My sister was born the day the World’s Fair opened in New York and my mother wanted to name her June Fair. They lived in a small house that backed up against the fence around the fair grounds. I don’t recall that house. I remember the ceiling above my crib and the window curtains next to my bed.
Patricia Anne was a pretty girl with thick dark brown hair that I envied over my own blonde straight locks. Mine was always cut short, but Mom would brush hers to keep it neat. Although she was four years older, we were close. We shared a room and an old double-bed. She comforted me when I was frightened. Encouraged me. Loved me.
She got really sick when she was fourteen and dropped into a coma. Diabetes was the diagnosis and the family routine changed. We went to the hospital often and Mom cooked healthy food for her, something we all ate since she refused to cook two meals.
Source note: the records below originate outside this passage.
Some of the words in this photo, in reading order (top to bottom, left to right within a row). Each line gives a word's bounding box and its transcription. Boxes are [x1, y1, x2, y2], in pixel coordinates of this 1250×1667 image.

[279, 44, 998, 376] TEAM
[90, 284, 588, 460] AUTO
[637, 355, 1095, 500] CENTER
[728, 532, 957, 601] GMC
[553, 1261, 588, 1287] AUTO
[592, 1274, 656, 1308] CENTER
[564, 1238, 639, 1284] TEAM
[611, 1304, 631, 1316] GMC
Pat married a good man named Robert. She had two boys and adopted a lovely blonde girl before the disease disabled her. Diabetes can be terrible. Her vision failed and she could no longer read the books she loved. Her kidneys failed and she needed dialysis. I would walk her around her yard, describing the flowers she had planted that were a blur.
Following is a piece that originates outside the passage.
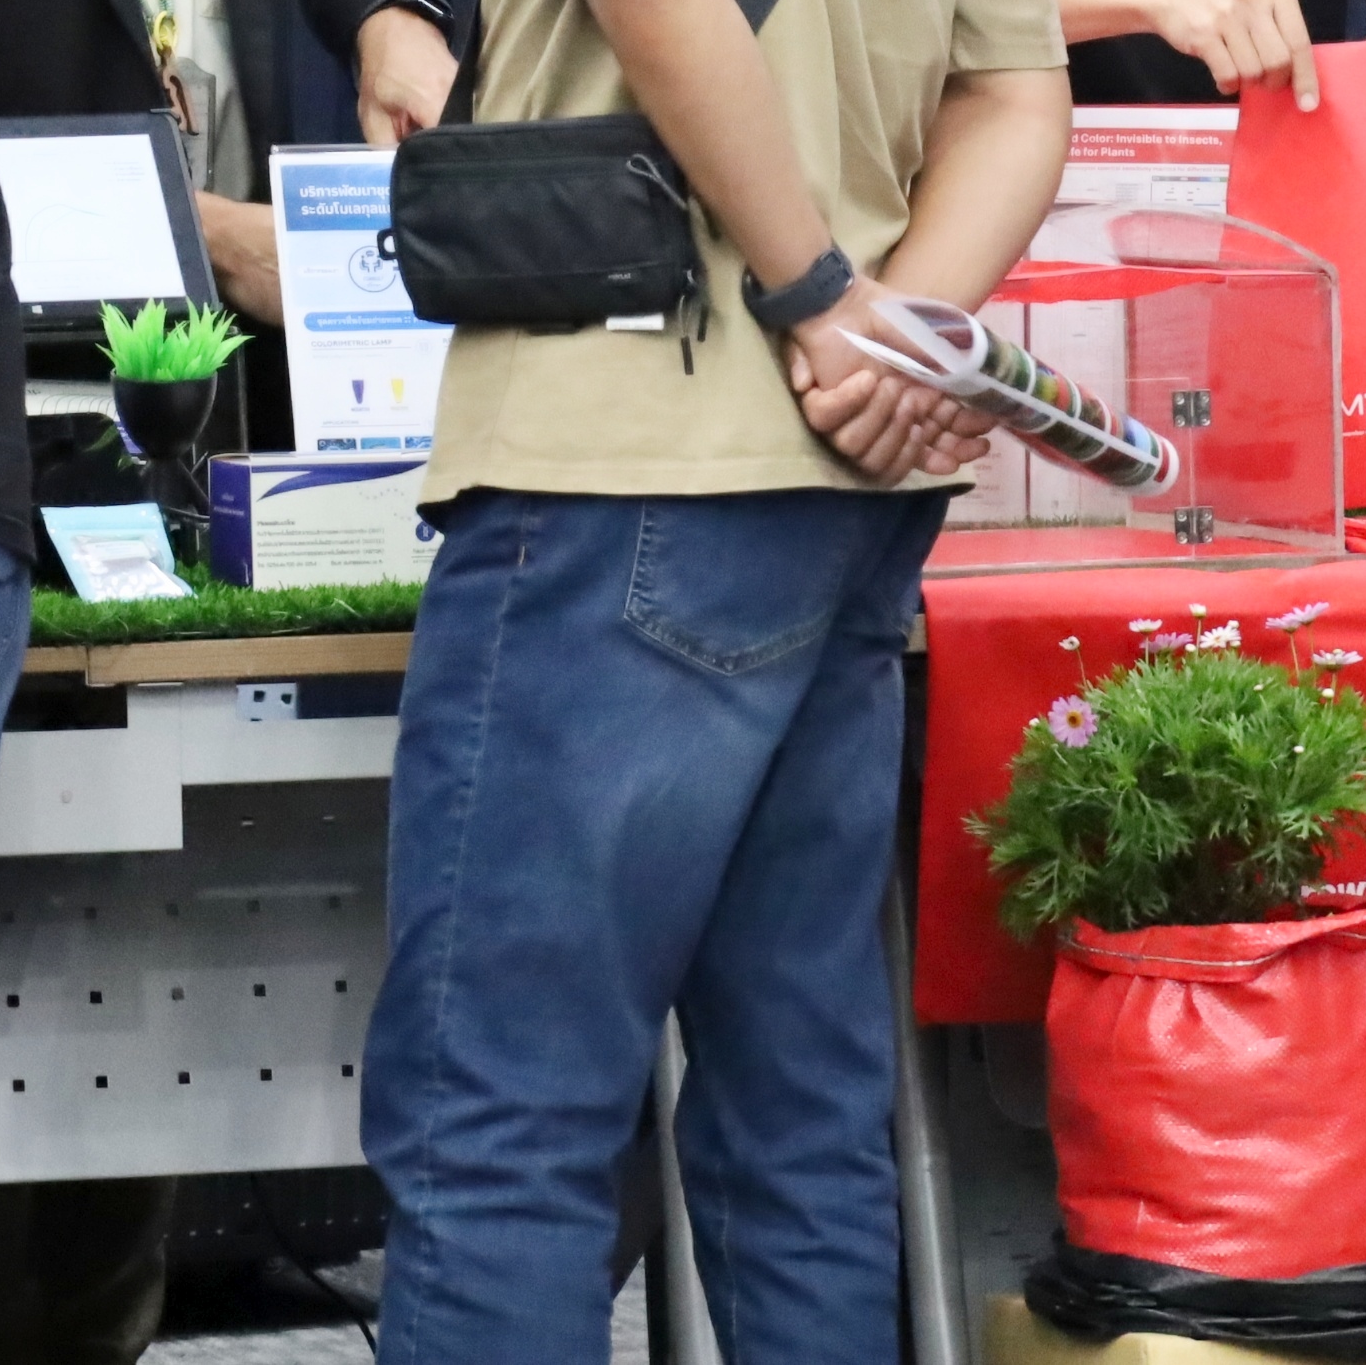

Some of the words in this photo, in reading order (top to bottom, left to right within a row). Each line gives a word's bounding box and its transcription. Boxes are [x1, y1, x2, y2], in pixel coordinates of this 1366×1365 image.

Loving her family, she held on for five years. They wouldn’t use my kidney for her: I had children of my own to care for. When she went into the hospital that last time, I visited daily. She told me how much she loved her husband. Through all the medical expenses, the illnesses, everything, he always made her feel loved and that she was never a burden. For that alone, Bob deserves a seat in Heaven.
So, Patricia Anne Nadeau died at the age of thirty-five. I woke up screaming at three am and knew she was dead. My sister, my friend.
This is to celebrate her life, not her death.